* _WHAT TO PRODUCE_
Every line from the line containing "this 900×1600 image." through the final line of the data is to be printed exactly; no other line is to appear.

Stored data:
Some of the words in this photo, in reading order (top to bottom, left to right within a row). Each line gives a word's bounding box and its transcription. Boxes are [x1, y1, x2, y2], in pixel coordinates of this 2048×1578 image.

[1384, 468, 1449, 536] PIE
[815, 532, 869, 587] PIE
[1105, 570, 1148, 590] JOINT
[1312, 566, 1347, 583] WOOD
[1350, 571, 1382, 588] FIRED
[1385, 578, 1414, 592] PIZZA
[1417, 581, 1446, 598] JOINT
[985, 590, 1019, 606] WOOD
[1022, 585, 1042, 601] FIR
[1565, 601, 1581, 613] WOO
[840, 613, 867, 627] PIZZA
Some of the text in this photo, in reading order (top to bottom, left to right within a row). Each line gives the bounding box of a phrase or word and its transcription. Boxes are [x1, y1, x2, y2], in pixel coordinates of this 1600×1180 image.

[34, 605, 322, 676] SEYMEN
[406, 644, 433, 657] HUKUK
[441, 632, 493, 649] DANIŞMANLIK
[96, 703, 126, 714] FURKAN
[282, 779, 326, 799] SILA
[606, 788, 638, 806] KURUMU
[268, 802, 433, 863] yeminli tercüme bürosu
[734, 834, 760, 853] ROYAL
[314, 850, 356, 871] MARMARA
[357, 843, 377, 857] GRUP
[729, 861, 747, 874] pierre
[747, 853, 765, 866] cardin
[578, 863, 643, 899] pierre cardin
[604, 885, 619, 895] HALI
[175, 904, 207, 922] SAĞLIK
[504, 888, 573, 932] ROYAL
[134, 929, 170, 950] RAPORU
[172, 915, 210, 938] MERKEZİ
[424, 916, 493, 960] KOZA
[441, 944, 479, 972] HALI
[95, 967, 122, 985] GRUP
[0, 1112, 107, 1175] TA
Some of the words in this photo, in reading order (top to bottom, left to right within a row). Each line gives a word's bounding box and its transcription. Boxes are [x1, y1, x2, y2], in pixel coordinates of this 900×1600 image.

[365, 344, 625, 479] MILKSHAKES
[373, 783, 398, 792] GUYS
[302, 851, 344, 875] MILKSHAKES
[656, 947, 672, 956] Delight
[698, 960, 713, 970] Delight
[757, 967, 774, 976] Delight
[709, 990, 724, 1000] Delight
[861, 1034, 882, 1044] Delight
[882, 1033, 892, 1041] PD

* _ANSWER TO THIS PROBLEM_
Some of the words in this photo, in reading order (top to bottom, left to right within a row). Each line gives a word's bounding box and its transcription. Boxes are [x1, y1, x2, y2], in pixel coordinates of this 900×1600 image.

[365, 344, 625, 479] MILKSHAKES
[373, 783, 398, 792] GUYS
[302, 851, 344, 875] MILKSHAKES
[656, 947, 672, 956] Delight
[698, 960, 713, 970] Delight
[757, 967, 774, 976] Delight
[709, 990, 724, 1000] Delight
[861, 1034, 882, 1044] Delight
[882, 1033, 892, 1041] PD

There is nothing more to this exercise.